Enhancing Creative Writing in Compact LLM Models

Smaller Large Language Models (LLMs), while offering advantages in terms of hardware requirements and deployment costs, often struggle with generating long-form creative content. Their output tends to be either too short compared to requests, or the text quality rapidly degrades as length increases. This limitation poses a significant challenge for companies seeking to leverage more efficient LLMs for on-premise content generation applications, where computational resources are a critical factor.

In this context, research focuses on developing techniques that can extend the capabilities of smaller models without requiring an exponential increase in resources. The goal is to enable these LLMs to compete with larger, more expensive "frontier" models, especially in complex tasks like creative storytelling, while maintaining a cost and performance profile suitable for local infrastructures.

The POLARIS Method: Optimization and Human References

To address these limitations, the POLARIS methodology (Policy Optimization with LLM-as-a-judge rewards and Anchored-Reference Injection for Storywriting) has been introduced. This training recipe, based on a lower-compute GRPO (Generalized Reinforcement Learning Policy Optimization) approach, integrates two key elements. The first is a frontier LLM "judge," which evaluates the quality of generated stories using a structured rubric, providing real-time feedback for model reward.

The second fundamental ingredient is Human-Reference Injection (HRI), where a human-written story, provided in a "teacher-forced" manner, serves as a high-quality "anchor" within each GRPO group. This mechanism guides the model towards generating more coherent and higher-quality texts. The methodology was applied to the Qwen3.5-9B model, using a dataset of approximately 1,400 prompt-story pairs derived from a hundred anthologies. Training was performed on 4 NVIDIA A100 GPUs, a setup that, while significant, falls within the capabilities of many enterprise infrastructures considering self-hosted deployments.

Implications for Local Deployments and Hardware

The result of this process is POLARIS-9B, a model that, according to benchmarks, proves competitive with much larger open-weight LLMs, while adhering more precisely to length instructions. Blinded human evaluations confirmed that POLARIS-9B is preferred over the base Qwen3.5-9B and performs on par with Qwen3.5-27B. This is particularly relevant for organizations aiming for on-premise deployments, where choosing smaller yet performant models can drastically reduce the Total Cost of Ownership (TCO) and VRAM requirements.

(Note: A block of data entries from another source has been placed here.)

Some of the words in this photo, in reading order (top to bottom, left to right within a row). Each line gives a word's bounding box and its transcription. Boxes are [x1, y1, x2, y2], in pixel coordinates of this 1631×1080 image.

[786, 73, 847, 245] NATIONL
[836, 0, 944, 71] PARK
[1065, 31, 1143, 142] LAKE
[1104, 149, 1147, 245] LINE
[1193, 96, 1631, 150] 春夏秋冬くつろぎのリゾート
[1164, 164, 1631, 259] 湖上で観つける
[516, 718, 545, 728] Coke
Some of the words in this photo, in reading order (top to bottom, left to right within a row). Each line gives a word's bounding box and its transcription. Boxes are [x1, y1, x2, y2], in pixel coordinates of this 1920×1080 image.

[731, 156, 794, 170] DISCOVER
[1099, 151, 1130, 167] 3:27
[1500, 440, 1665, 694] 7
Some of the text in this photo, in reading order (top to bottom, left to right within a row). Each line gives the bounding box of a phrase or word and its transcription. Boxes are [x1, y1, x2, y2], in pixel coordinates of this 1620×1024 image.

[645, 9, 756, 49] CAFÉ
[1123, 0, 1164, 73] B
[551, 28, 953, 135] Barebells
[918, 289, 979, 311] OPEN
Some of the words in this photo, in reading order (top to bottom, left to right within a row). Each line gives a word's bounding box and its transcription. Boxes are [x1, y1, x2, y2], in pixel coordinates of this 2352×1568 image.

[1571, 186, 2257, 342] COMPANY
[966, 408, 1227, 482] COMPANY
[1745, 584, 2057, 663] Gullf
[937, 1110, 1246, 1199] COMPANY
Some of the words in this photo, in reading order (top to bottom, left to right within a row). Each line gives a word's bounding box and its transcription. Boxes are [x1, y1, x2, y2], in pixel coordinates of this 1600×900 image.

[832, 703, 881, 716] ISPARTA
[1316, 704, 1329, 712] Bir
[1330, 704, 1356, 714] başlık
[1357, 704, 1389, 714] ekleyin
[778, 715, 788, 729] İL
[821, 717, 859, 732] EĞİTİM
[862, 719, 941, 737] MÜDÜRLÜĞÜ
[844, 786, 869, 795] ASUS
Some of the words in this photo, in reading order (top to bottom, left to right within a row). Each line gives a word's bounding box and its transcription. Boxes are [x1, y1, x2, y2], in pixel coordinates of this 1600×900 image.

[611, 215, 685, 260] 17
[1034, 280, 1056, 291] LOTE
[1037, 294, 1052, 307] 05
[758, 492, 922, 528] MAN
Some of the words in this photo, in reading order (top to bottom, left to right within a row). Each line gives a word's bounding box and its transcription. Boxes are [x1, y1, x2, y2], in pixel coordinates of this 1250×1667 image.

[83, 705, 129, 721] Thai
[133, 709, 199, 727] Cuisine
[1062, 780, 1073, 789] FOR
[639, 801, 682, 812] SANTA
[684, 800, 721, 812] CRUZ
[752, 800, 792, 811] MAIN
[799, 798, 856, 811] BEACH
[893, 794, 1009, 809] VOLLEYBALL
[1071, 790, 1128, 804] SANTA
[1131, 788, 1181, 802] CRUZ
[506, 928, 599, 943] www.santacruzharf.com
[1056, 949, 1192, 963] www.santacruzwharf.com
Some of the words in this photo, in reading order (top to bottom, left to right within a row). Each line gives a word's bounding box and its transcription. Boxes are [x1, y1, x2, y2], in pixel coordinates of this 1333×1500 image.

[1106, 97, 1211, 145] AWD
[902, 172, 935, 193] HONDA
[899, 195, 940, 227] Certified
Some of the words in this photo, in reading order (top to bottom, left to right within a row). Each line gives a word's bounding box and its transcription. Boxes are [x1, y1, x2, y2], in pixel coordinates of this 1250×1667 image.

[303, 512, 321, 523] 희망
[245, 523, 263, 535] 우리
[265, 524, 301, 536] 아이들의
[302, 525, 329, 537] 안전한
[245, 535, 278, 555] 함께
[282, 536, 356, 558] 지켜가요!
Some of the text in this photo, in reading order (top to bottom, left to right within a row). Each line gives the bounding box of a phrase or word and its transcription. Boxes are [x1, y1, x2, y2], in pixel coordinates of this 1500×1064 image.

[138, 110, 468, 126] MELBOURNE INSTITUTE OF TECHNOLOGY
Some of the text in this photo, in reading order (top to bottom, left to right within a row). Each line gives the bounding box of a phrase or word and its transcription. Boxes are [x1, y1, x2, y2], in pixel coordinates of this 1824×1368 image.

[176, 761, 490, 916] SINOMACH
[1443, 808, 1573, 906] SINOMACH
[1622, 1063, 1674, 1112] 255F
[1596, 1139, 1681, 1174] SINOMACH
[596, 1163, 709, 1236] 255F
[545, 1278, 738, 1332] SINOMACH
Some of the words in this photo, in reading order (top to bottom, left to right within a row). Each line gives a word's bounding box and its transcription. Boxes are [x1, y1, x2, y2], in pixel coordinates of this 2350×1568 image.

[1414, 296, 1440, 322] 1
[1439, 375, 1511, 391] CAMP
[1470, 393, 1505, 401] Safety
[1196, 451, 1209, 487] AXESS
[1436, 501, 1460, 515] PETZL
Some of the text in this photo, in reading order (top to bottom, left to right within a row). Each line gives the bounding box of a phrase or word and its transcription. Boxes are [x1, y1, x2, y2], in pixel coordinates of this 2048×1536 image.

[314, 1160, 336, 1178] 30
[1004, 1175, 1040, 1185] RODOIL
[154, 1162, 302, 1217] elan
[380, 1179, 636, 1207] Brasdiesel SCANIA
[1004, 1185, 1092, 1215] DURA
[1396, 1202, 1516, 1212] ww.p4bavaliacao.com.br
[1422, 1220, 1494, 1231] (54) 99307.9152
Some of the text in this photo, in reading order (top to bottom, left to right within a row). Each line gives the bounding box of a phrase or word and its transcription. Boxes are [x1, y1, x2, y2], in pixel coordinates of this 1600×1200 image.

A crucial aspect is POLARIS-9B's ability to preserve quality even for story requests up to three times the length it was trained on (e.g., up to 12,000 words, starting from training on 4,000 words). This is a common weakness for many open-weight models, which tend to degrade significantly in quality or length adherence in similar scenarios. The ability to generalize length is a meaningful stress test for creative-writing models and offers a useful criterion for distinguishing otherwise similar models, especially when considering the context and memory limitations typical of self-hosted environments. For those evaluating on-premise deployments, analytical frameworks are available on AI-RADAR/llm-onpremise to assess trade-offs between performance, costs, and data sovereignty.

Future Prospects and the Challenge of Generalization

The results obtained with POLARIS suggest that length generalization is not just a performance metric but a true "stress test" for creative-writing models. This capability is fundamental for applications requiring large-scale narrative coherence, from marketing content generation to the creation of complex scenarios. The research highlights how, even with a limited number of A100 GPUs for training, substantial improvements in the capabilities of smaller models can be achieved.

This approach opens new avenues for developing more efficient and versatile LLMs, capable of operating effectively in resource-constrained environments, such as edge or air-gapped deployments. The continuous optimization of training methodologies and the integration of high-quality feedback, both from LLM "judges" and human references, will be crucial to unlock the full potential of open-weight models, making them increasingly powerful and accessible tools for a wide range of enterprise applications.